ASSIGNMENT:
Your reply should hold every record exactly as given, with no pictures in it.

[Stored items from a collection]

━━━━━━━━━━━━━━━━━━━━

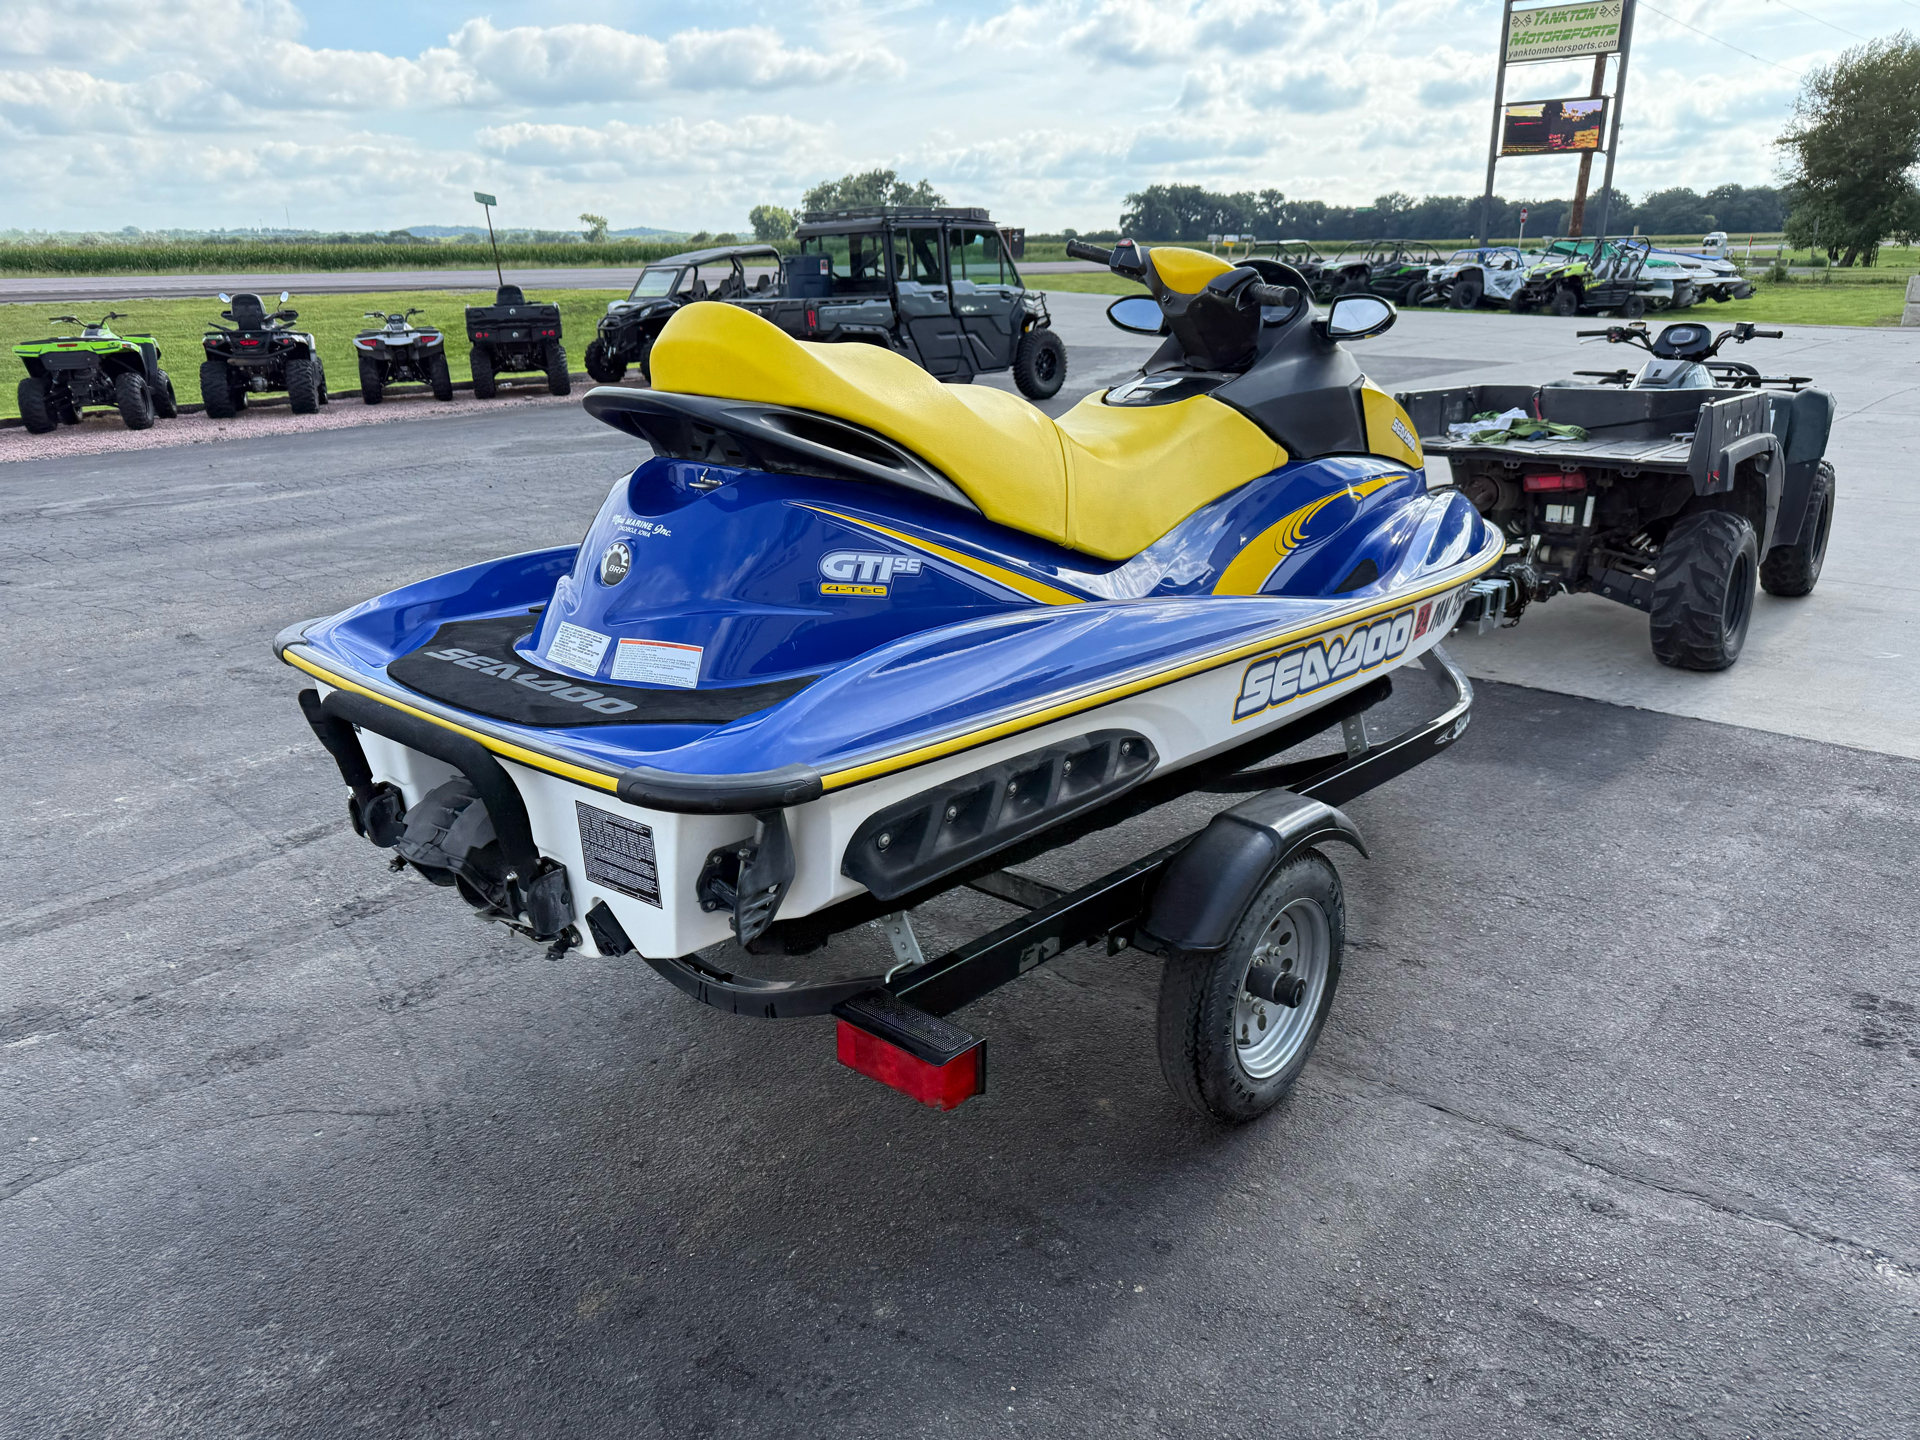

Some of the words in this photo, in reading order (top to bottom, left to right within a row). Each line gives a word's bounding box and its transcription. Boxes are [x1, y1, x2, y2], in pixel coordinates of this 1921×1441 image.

[1534, 7, 1599, 26] YANKTON
[1509, 23, 1619, 46] MOTORSPORTS
[1508, 38, 1617, 59] yanktonmotorsports.com
[625, 518, 654, 531] MARINE
[652, 524, 672, 537] Inc.
[637, 529, 651, 538] IOWA
[608, 564, 627, 575] BRP
[822, 554, 894, 580] GTI
[892, 557, 921, 572] SE
[824, 585, 884, 594] 4-TEC
[1415, 608, 1431, 635] 24

━━━━━━━━━━━━━━━━━━━━

YOUR RESPONSE:
Some of the words in this photo, in reading order (top to bottom, left to right within a row). Each line gives a word's bounding box and its transcription. Boxes are [x1, y1, x2, y2], in pixel coordinates of this 1921×1441 image.

[1534, 7, 1599, 26] YANKTON
[1509, 23, 1619, 46] MOTORSPORTS
[1508, 38, 1617, 59] yanktonmotorsports.com
[625, 518, 654, 531] MARINE
[652, 524, 672, 537] Inc.
[637, 529, 651, 538] IOWA
[608, 564, 627, 575] BRP
[822, 554, 894, 580] GTI
[892, 557, 921, 572] SE
[824, 585, 884, 594] 4-TEC
[1415, 608, 1431, 635] 24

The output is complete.